Speaking of ridiculous, let’s talk about the piano virtuoso Kevin Cole, who performed in Gerschwin’s Concerto in F at the National Orchestral Institute + Festival event at the University of Maryland which SPS / AIP generously invited us to. Of all the songs played by the orchestra that night, none could match the bouncing, flaming energy that Kevin Cole channeled through the piano in the finale. The music was inspiring! My fingers itched for my trumpet, for ‘50s Big Band bananzas and the high-rising orchestral lines of Dvorak’s New World Symphony.

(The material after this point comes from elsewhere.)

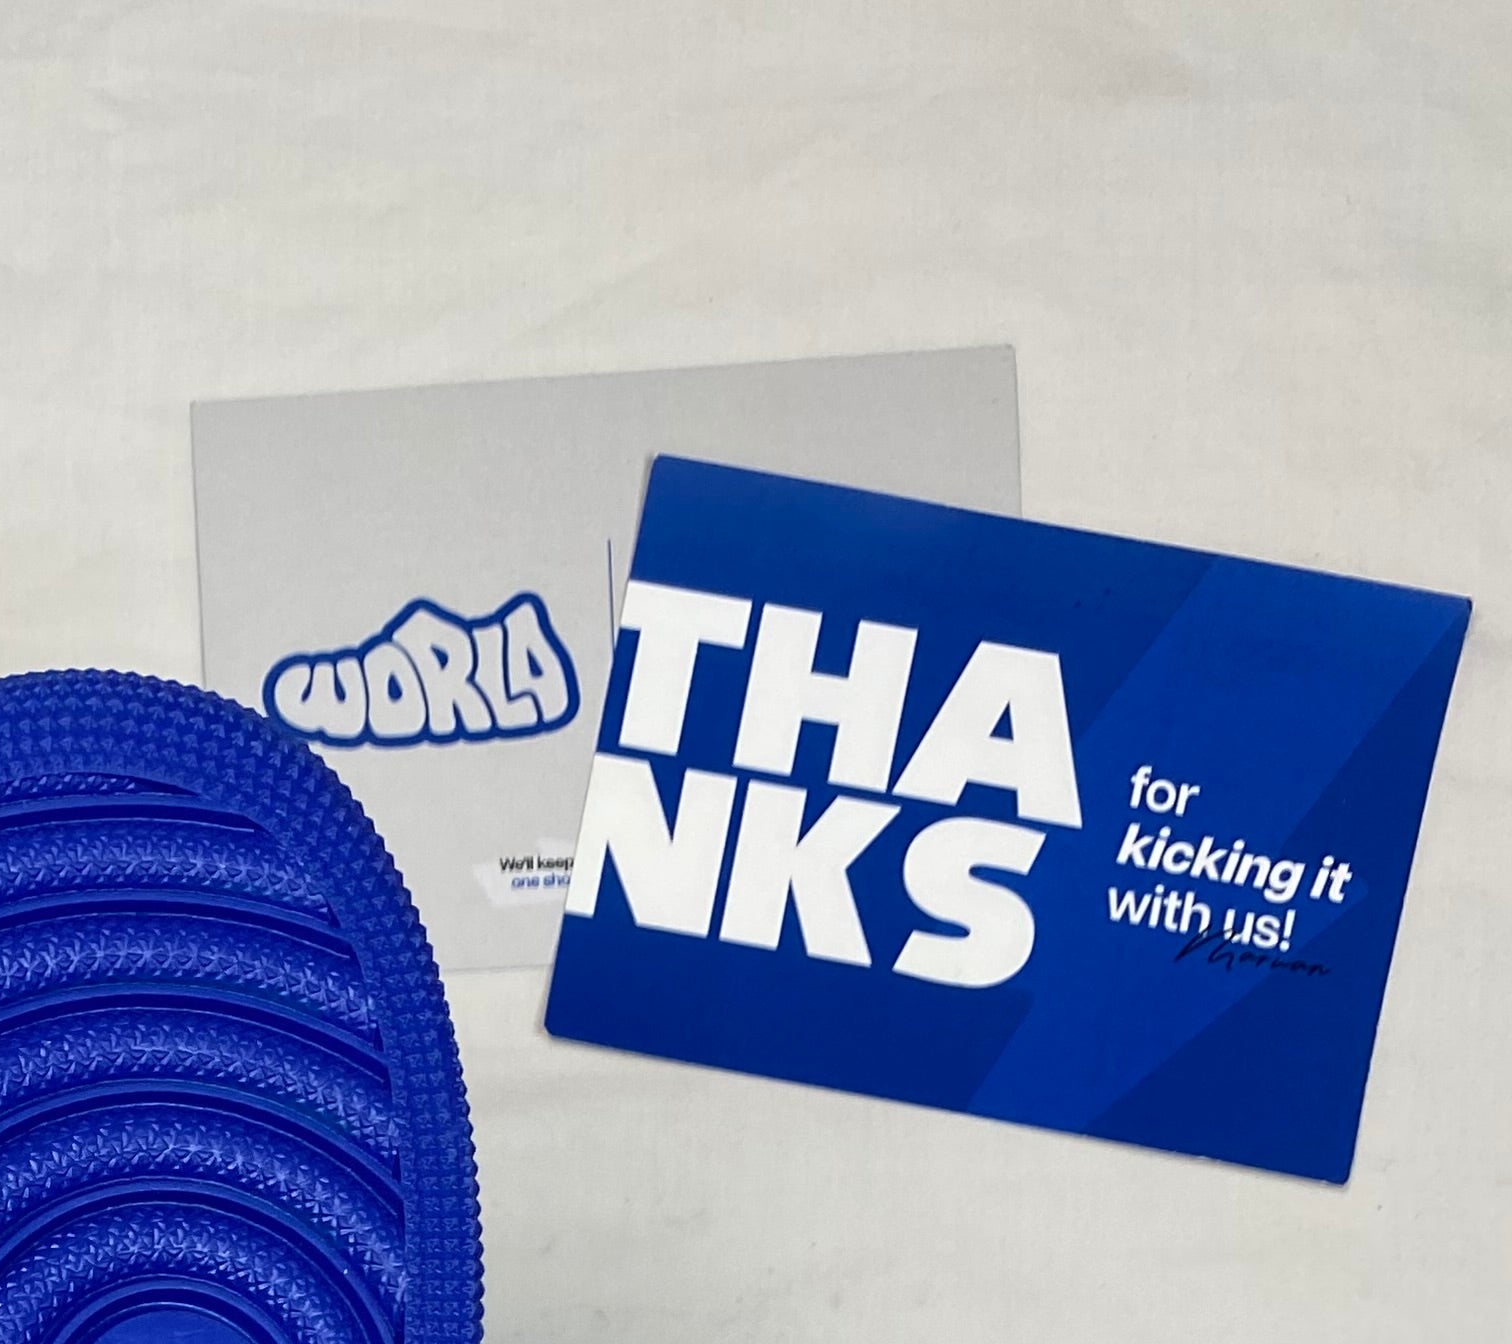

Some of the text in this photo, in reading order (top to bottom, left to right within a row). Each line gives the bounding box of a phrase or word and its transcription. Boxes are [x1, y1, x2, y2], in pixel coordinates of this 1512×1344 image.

I couldn’t keep a smile off my face the entire performance—and my disbelief was only grown after looking up a little history on Kevin Cole: within the last few years, he had a golf-ball sized brain tumor removed and was back on the piano before he had two months of recovery under his belt. Take a break from what you love doing? Never. That’s grit, and it’s pretty incredible. It reminds me to never stop working at what I want to do or accomplish. To choose to be diligent and persevere.

 

A little hard work payed off for me too—week three (“Four shalt thou not count, neither count thou two, excepting that thou then proceed to three. Five is right out.”) at NASA was tossed forward at leaps and bounds and bounces! The test fixture that wasn’t working? Works now. The software I didn’t have access to? Accessed. The data analysis program I was writing? It’s beautiful. Round two of clean room training? Under way. My work at Goddard has only gotten more exciting. The days fly by as I’m fully engaged and excited by the work I’m doing. I learn so much each and every day, meet new people, and push myself to the reach a little higher. Talk more. Ask more questions, challenge myself. Find new solutions to old problems.

 

And never turn down the opportunity for a new memory! Shout your heart out at a karaoke bar, then when you go home, bring the karaoke with you. Go for a 1 a.m. jog to the Lincoln Memorial. Crash an HBO TV shoot. Smile big smiles! Be like a boat—go where the water goes.

 

Battlestar Galactica? Battlestar Galactica is a second-rate re-imagining of Star Trek.